D’ailleurs, la direction de l’Association des Professionnels est restée largement anonyme et clandestine durant les quatre mois de manifestations. Les dirigeants de ce groupe savent que les services de sécurité essayent de décapiter systématiquement les forces politiques organisées à chaque fois que celles-ci émergent et sont en mesure de prendre la tête d’un mouvement populaire d’ampleur. Des militants politiques chevronnés ont par exemple été arrêtés et les forces de sécurité ont mis parfois deux semaines à les traiter et à les identifier.

Lors du mouvement actuel, la répression n’a pourtant pas été anecdotique, les forces de sécurité ont remis au goût du jour les célèbres « maisons fantômes » des années 1990, véritables maisons de torture dont seuls les cris des prisonniers s’échappaient. Mais certaines images ou récits, comme ceux de ces prisonnières de la prison pour femmes d’Omdurman, qui continuent de scander des chants révolutionnaires, ont progressivement écorné l’image de toute puissance de l’appareil répressif. Autre chose nouvelle, les habitants à l’échelle locale ont commencé à identifier et parfois à faire pression sur les personnes identifiées comme participant activement au régime.

Dernière chose, si les formes répressives s’adaptent aux pratiques contestataires, elles influencent aussi les manières de se mobiliser et de résister. Ce n’est pas un hasard si les pratiques de résistance se sont développées depuis dix ans à l’échelle des quartiers, qui sont des zones plus sécurisées d’interconnaissance, qui permettent de se replier rapidement chez soi et de s’adapter aux modalités de déploiements des forces de sécurité. Les petites rues en terre à l’intérieur des quartiers sont souvent obstruées par de petits barrages de terres ou des arbres qui limitent les poursuites par les pick-up et les miliciens du régime. De même, les comités révolutionnaires de quartier d’aujourd’hui sont des héritiers des comités qui se sont créés en 2012 et 2013 dans de nombreux endroits.

Dans le sens inverse, le contrôle de l’Etat s’est aussi adapté sur les réseaux sociaux. La NISS a créé des unités cybers appelés les jihadist cyber units qui se sont spécialisées dans la création de faux comptes Facebook ou Twitter. Ils ont par exemple créé de faux événements pour piéger des gens et les arrêter. De manière plus générale ces unités ont également servi d’outil de propagande.
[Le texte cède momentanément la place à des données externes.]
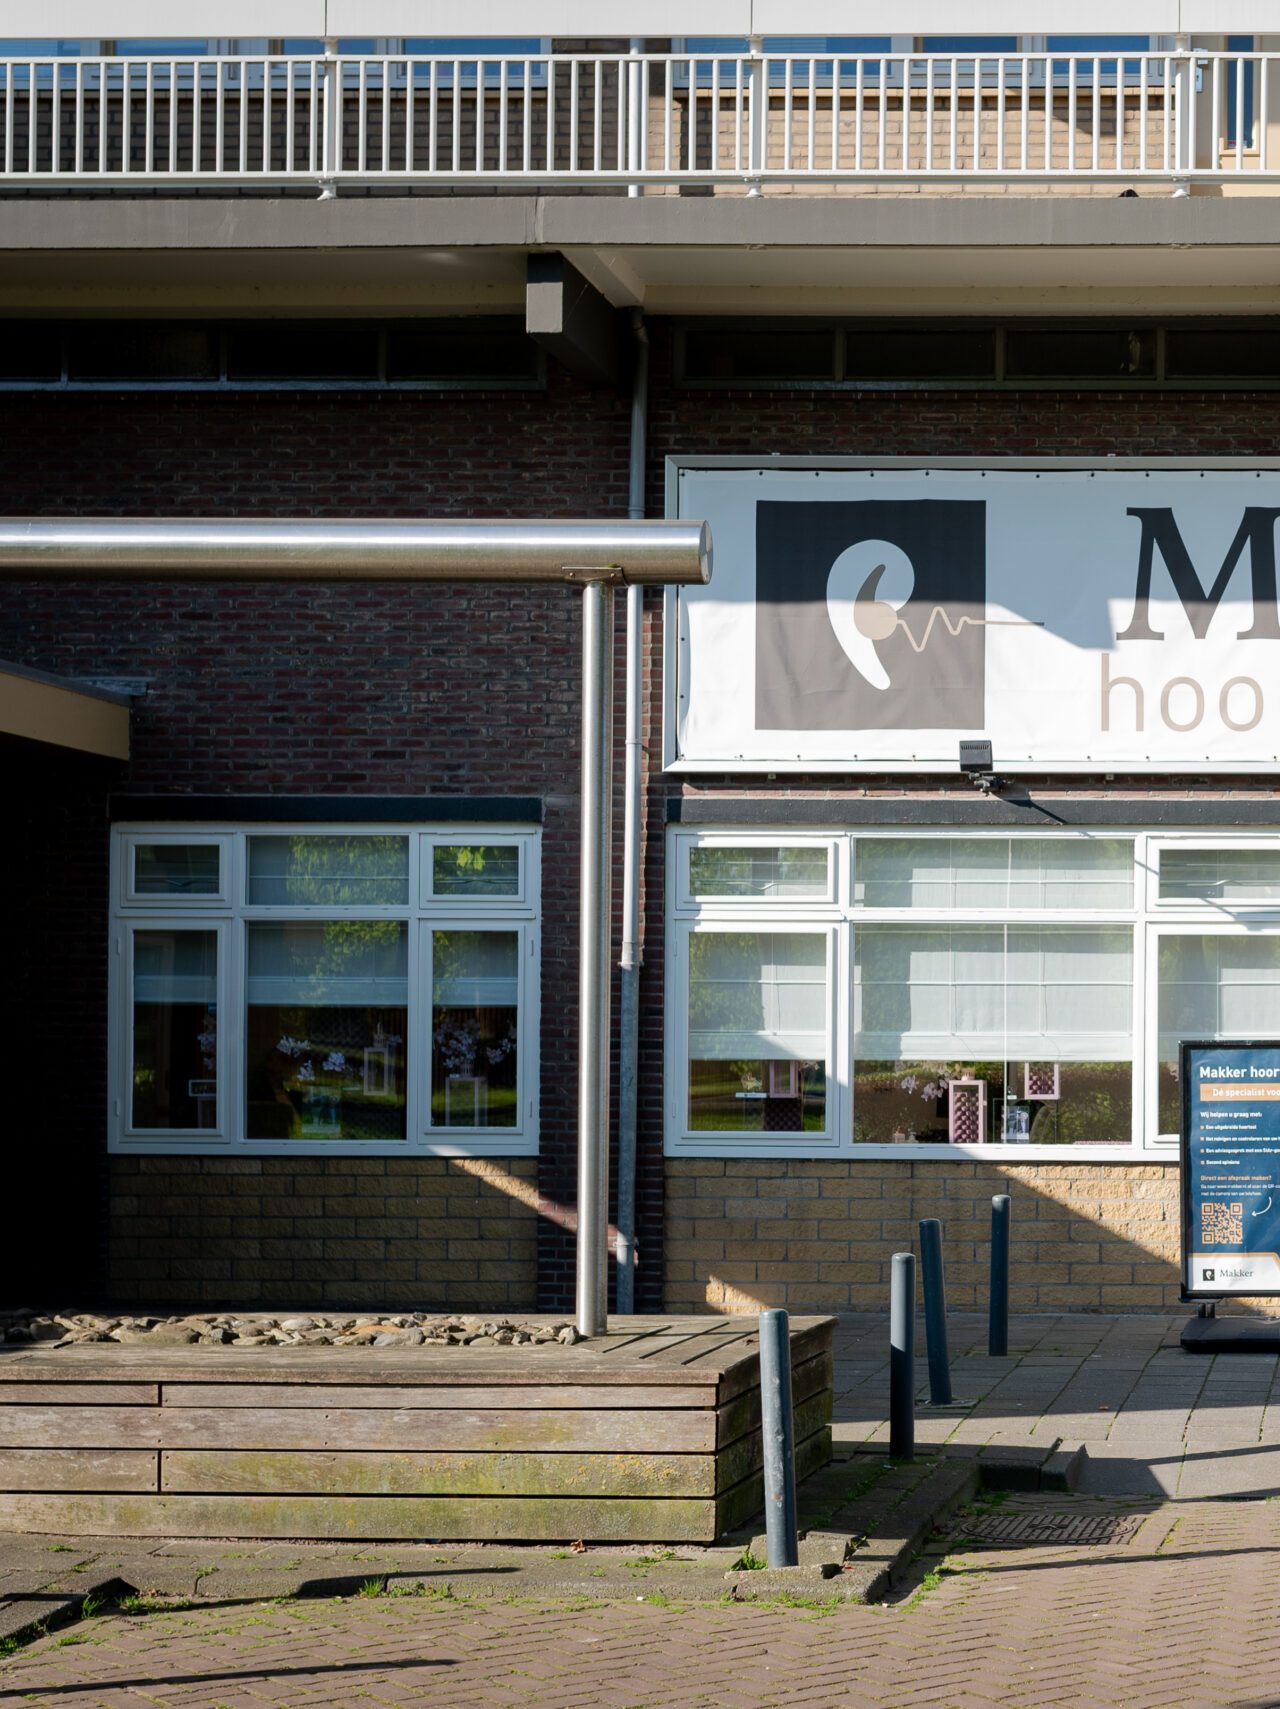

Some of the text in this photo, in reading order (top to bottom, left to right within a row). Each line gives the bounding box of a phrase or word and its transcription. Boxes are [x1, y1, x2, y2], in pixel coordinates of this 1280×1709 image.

Progressivement les militants ont aussi appris à se servir de canaux plus sécurisés et c’est ce que nous pouvons observer avec l’Association des Professionnels Soudanais SPA. Ce groupe a créé une application et un site internet lançant les appels à manifester, diffusés rapidement et de manière sécurisée.

On observe donc d’autres formes de mobilisation face auxquelles l’appareil de sécurité est dépassé. Il n’a également plus les moyens de réprimer car beaucoup des manifestants dans la rue ne sont pas des militants politiques habituels et chevronnés. Les manifestations continuent malgré leur arrestation.